Outlawing Third Party appeals will discourage local residents from sharing valuable, often informal, information with developers, developers' planning consultants and municipal staff. This creates a huge risk that important considerations about a development proposal will not be made known. This could be cultural heritage considerations (local knowledge of an archaeological site or unmarked graveyard that hasn't made the official press but is well known in the community), looming traffic problems (plans of a local daycare or other service agency to expand its hours of service that local residents know will cause traffic havoc), etc.
Not knowing this information will lead to bad planning decisions, costly future problems and/or lawsuits after the fact.

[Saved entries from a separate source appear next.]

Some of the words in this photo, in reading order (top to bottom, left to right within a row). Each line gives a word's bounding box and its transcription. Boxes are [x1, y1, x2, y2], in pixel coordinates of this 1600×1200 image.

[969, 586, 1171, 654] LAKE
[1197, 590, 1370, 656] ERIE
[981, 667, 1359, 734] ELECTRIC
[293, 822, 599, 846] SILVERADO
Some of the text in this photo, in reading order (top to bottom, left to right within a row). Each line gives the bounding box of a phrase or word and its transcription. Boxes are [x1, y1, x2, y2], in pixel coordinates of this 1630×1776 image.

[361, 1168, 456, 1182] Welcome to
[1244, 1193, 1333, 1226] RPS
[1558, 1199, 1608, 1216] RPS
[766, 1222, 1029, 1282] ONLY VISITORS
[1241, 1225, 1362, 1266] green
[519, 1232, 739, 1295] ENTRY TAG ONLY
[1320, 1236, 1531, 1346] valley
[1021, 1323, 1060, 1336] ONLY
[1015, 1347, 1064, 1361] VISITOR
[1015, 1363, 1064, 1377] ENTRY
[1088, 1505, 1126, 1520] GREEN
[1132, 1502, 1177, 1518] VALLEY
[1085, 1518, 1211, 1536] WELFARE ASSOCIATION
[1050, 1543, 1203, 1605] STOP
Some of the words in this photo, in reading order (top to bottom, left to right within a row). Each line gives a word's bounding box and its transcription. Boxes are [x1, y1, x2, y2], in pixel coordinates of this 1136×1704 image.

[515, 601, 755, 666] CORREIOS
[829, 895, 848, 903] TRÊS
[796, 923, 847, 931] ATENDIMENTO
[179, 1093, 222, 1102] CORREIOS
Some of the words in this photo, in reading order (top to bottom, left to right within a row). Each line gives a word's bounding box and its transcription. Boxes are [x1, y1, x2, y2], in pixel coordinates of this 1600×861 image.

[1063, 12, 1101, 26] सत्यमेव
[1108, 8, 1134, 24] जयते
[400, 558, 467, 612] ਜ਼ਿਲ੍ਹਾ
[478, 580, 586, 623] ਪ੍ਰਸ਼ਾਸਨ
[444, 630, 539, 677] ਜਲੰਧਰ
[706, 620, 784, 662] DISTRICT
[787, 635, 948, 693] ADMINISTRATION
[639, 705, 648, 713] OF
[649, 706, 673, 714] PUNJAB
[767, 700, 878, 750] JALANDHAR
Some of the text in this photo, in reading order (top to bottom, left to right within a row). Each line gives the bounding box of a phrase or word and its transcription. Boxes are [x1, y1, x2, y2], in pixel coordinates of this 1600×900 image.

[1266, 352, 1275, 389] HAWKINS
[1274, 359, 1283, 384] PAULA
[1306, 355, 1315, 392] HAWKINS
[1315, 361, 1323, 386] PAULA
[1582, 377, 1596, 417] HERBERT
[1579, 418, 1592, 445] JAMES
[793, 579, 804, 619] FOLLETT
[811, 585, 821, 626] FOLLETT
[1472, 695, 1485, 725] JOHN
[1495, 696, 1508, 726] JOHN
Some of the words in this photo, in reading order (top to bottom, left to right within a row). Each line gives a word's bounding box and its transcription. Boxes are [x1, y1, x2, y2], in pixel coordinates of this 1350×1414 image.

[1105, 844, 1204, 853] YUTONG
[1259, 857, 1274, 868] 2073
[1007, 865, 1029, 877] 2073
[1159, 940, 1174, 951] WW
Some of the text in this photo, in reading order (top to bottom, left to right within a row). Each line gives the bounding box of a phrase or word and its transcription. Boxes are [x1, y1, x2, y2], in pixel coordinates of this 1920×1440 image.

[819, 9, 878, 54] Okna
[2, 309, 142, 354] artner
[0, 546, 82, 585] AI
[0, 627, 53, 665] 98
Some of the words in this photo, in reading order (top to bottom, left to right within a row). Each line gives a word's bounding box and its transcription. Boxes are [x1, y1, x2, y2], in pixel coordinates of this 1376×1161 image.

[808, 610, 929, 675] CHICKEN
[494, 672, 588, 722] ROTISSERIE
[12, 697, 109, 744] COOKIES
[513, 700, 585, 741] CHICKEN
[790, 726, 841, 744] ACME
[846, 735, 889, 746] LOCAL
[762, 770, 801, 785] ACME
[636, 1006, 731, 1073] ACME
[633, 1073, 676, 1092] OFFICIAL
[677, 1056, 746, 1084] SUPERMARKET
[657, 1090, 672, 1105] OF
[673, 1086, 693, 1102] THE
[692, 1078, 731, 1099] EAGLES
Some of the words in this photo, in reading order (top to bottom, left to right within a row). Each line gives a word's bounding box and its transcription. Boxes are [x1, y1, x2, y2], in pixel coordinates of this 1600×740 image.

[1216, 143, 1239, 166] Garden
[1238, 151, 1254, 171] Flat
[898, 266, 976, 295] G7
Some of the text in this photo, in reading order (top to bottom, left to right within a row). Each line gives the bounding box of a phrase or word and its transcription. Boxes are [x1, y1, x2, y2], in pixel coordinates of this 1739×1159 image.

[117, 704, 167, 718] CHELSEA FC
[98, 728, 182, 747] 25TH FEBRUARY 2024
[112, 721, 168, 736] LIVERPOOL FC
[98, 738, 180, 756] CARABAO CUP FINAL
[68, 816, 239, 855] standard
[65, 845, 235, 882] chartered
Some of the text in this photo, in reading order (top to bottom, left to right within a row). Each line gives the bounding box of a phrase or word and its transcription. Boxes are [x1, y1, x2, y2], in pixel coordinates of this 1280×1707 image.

Pre-application community consultations are the perfect way to encourage such valuable information to come forward. Requiring them ensures that all developers can benefit from this opportunity. (Even if community meetings aren't held, knowing municipal staff want to hear from the public and will pass on community concerns to development applicants encourages community members' participation.)
Pre-application consultations are the first opportunity for citizens to make any grave concerns they have known to both municipal staff and the development proponent. Hopefully, the developer will listen and implement remedies. But if not, citizens need the opportunity to appeal to the Ontario Land Tribunal to intervene.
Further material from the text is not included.